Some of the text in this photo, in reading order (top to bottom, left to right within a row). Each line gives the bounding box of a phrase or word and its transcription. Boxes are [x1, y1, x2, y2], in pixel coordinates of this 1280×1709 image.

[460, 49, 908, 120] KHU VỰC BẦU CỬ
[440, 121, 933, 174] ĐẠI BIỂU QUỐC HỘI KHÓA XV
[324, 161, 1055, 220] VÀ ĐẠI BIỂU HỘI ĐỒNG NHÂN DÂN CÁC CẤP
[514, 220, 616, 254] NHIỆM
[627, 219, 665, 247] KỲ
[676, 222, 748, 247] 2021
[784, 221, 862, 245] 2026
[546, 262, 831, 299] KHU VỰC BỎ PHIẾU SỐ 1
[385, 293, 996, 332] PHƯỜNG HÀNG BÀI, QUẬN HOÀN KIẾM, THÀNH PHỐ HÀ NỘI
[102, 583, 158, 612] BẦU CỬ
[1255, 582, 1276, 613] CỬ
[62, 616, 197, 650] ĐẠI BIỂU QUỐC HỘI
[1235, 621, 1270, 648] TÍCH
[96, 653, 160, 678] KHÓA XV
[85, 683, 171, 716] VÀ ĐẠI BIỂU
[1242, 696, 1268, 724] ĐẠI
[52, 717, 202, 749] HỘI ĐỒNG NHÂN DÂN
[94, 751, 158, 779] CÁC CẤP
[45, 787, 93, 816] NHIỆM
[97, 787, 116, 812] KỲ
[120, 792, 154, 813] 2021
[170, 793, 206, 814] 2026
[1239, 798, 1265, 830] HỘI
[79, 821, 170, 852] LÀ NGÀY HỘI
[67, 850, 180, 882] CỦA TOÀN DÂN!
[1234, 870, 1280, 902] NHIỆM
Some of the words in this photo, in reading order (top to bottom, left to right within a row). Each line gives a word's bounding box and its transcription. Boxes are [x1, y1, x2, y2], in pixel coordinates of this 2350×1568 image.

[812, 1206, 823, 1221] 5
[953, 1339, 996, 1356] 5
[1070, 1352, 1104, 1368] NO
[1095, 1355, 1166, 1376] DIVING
========
Problem details → Your answer must be the line with "Some of the words" and all lines after it through the final line of the entries, copied exactly and with nothing added.

Task result →
Some of the words in this photo, in reading order (top to bottom, left to right within a row). Each line gives a word's bounding box and its transcription. Boxes are [x1, y1, x2, y2], in pixel coordinates of this 2350×1568 image.

[812, 1206, 823, 1221] 5
[953, 1339, 996, 1356] 5
[1070, 1352, 1104, 1368] NO
[1095, 1355, 1166, 1376] DIVING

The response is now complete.